California
In 2001, at the behest of producer David Chase, Pantoliano joined the cast of the landmark HBO series The Sopranos, which is celebrating its 20th anniversary along with The Matrix. While portraying psychopathic mobster “Ralphie Cifaretto” on the hit show, the actor published Who's Sorry Now: The True Story of a Stand-Up Guy, a bittersweet memoir about his New Jersey childhood and his mother’s mental illness that was a New York Times bestseller.
Pantoliano produced and starred in Canvas, a feature film that portrays a family’s struggle with mental illness, which won Best Feature Film and landed Pantoliano the Outstanding Actor Award in 2006. He also serves as co-president of the Creative Coalition, a nonprofit, nonpartisan social and political advocacy organization of the entertainment industry.
Inspired by his role in Canvas, Pantoliano created No Kidding, Me Too!, a nonprofit dedicated to removing the stigma associated with mental illness. Continuing to spread his message, Pantoliano made his directorial debut with an informative and moving documentary titled No Kidding, Me Too!, seeking to promote mental health and awareness. It became an integral piece of the Stomp the Stigma tour which includes a 12-day stay in Iraq, visiting troops and addressing mental illness.
His second book, Asylum: Hollywood Tales from My Great Depression: Brain Dis-Ease, Recovery, and Being My Mother's Son, was published in May 2012. A humorous and candid account of his own journey through clinical depression, Asylum chronicles Pantoliano’s quest for fame and the downhill spiral into depression and addiction that followed his success. By charting his own diagnosis and recovery, he hopes to educate others and remove the stigma from mental illness.
Joe Pantoliano has been a visiting professor at Penn State in theatre, arts, and film studies and has taught a seminar called “Show Business 101” at Penn State, Yale, Wesleyan, and Harvard.
A Tough Guy Battles Back
Joe Pantoliano has been grappling with clinical depression for over a decade. Before diagnosed, the actor, widely known as “Joey Pants,” would put on his “Joey” façade to be part of the solution, not the problem, for the 15 weeks on a movie set. But coming home, he’d crawl under the sheets feeling like his “heart was paralyzed.”

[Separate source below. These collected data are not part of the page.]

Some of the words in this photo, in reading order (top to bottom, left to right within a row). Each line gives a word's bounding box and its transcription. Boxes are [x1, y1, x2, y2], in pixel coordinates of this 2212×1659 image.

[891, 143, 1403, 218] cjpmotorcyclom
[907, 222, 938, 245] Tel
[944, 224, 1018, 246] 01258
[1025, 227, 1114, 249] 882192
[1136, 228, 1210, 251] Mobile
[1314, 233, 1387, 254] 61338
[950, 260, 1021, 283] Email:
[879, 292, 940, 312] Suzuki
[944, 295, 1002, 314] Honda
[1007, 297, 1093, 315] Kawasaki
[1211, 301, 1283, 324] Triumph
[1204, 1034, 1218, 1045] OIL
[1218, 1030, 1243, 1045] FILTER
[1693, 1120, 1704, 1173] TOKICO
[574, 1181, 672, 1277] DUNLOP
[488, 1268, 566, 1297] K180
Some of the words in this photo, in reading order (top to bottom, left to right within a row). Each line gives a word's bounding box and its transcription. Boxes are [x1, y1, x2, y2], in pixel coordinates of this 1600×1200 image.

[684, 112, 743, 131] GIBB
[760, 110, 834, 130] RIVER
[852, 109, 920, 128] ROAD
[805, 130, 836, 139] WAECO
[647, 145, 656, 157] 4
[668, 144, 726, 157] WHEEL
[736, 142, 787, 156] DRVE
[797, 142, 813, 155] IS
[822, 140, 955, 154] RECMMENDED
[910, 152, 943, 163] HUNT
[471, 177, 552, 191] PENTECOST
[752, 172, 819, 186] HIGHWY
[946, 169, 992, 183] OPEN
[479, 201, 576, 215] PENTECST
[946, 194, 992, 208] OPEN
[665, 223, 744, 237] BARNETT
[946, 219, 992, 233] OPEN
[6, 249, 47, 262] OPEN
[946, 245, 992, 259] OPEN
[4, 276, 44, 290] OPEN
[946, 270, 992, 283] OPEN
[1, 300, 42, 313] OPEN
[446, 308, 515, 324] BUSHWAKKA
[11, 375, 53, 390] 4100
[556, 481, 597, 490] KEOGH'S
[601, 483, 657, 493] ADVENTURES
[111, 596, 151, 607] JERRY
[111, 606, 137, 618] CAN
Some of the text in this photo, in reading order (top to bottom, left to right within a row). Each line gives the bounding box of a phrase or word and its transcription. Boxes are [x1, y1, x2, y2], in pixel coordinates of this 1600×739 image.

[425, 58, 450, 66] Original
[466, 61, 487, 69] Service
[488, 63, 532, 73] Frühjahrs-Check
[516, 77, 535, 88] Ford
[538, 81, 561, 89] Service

Post-diagnosis, Pantoliano felt shrouded in the stigma that surrounds depression when he couldn’t get health coverage on movie sets for fear he might have a nervous breakdown. It was then he realized he couldn’t have the luxury of being anonymous with mental illness.
Today he advocates for the recognition that “the brain does not have the same equal rights as the liver or the kidney or the gall bladder.” But it should. In an uplifting, funny, and clever presentation, Pantoliano shares his own personal story of living with depression, inspiring others with his commentary, “I’ve got it. I’m functioning. My life is better for it.”